* _DIRECTIONS_: Skip the images and copy each record exactly as written.

++++++++

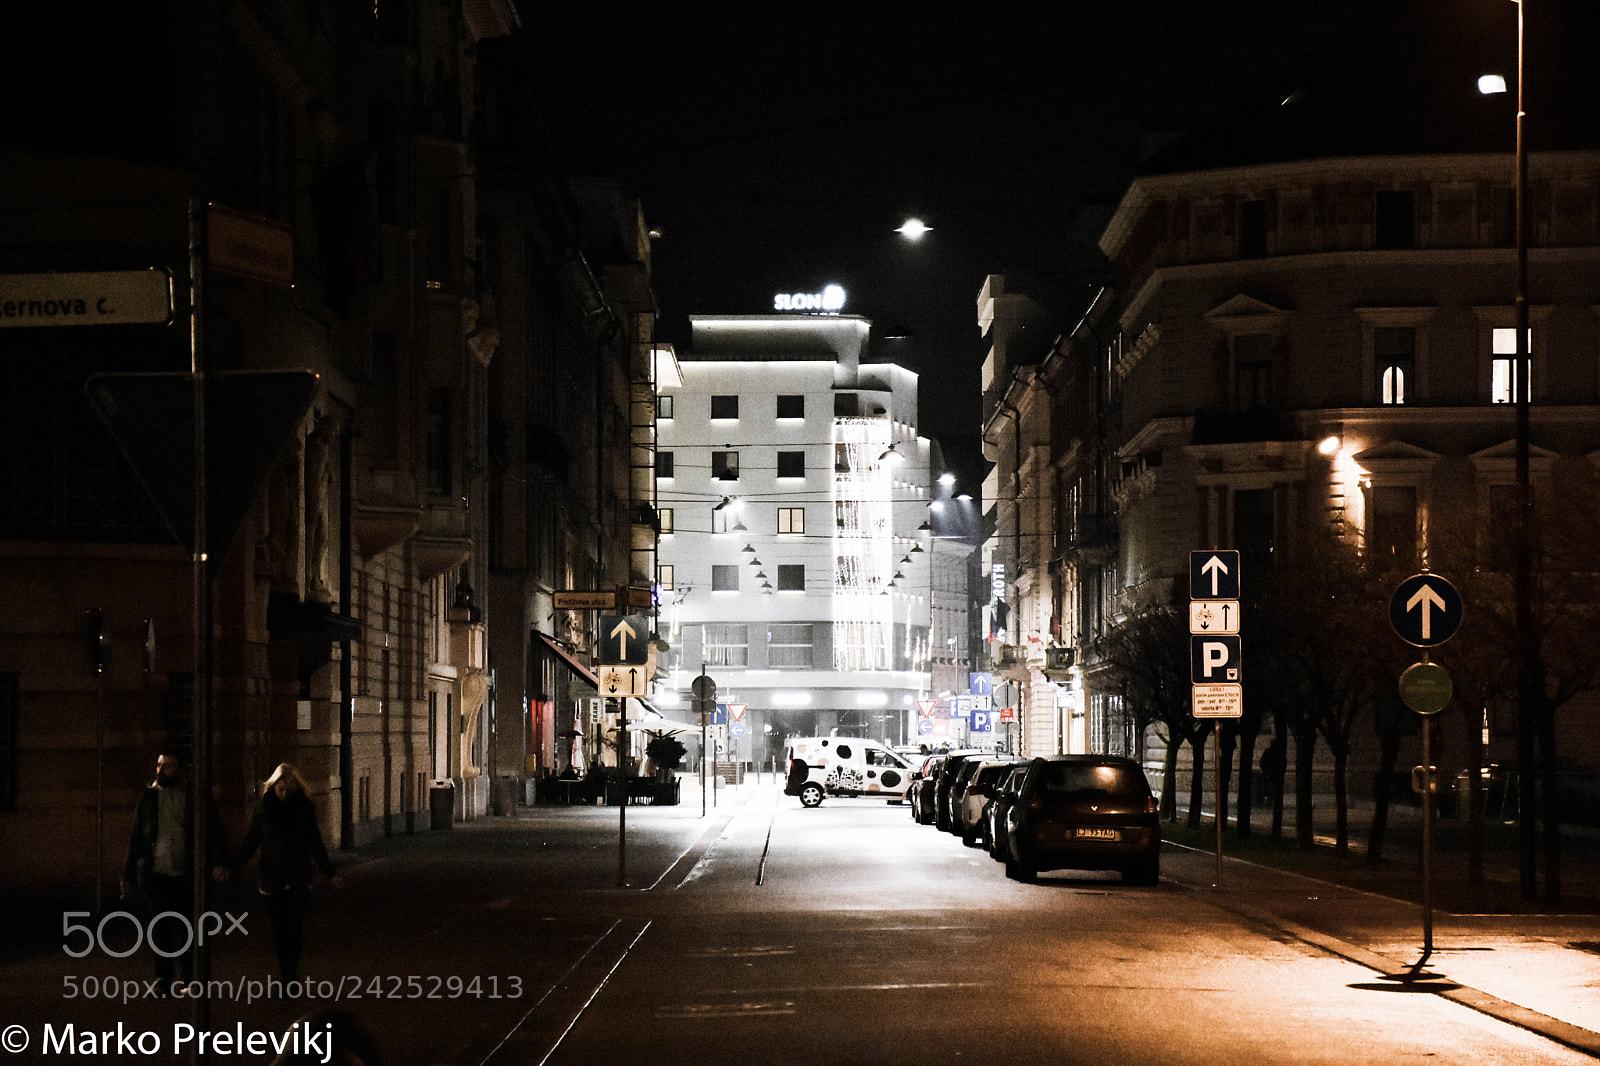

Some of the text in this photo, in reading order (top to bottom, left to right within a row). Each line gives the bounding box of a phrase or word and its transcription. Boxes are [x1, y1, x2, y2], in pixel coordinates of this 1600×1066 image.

[0, 298, 115, 317] ernova c.
[774, 292, 822, 311] SLON
[1203, 642, 1229, 678] P
[975, 712, 987, 730] P
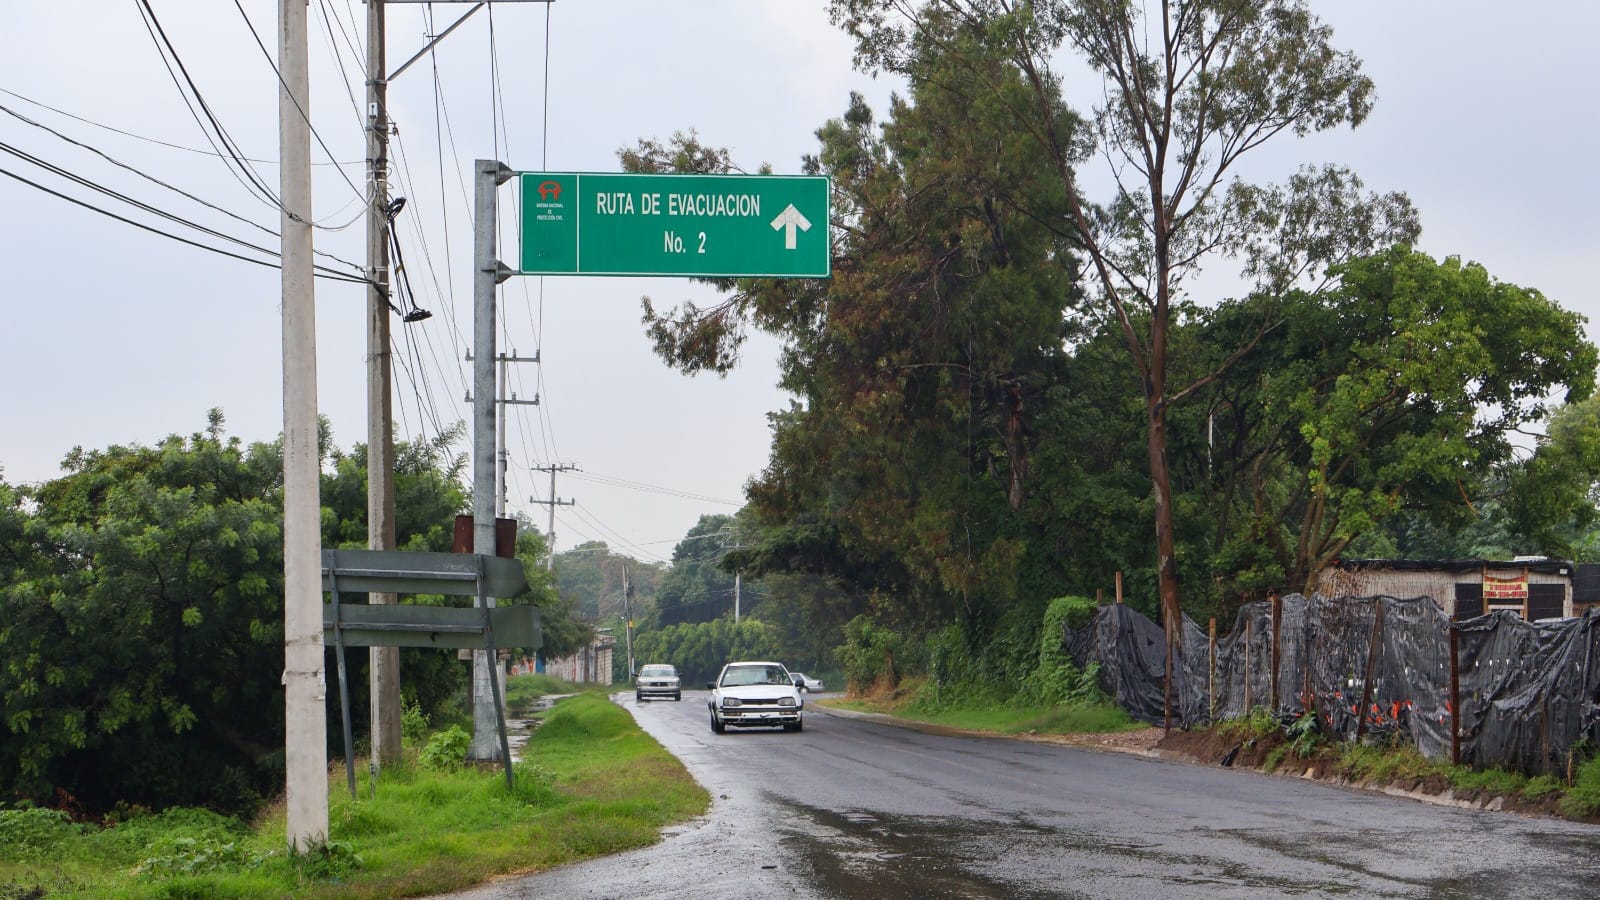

++++++++

* _SOLUTION BELOW_:
Some of the text in this photo, in reading order (top to bottom, left to right within a row). Each line gives the bounding box of a phrase or word and its transcription. Boxes are [x1, y1, x2, y2], in pixel coordinates of this 1600×1066 image.

[0, 298, 115, 317] ernova c.
[774, 292, 822, 311] SLON
[1203, 642, 1229, 678] P
[975, 712, 987, 730] P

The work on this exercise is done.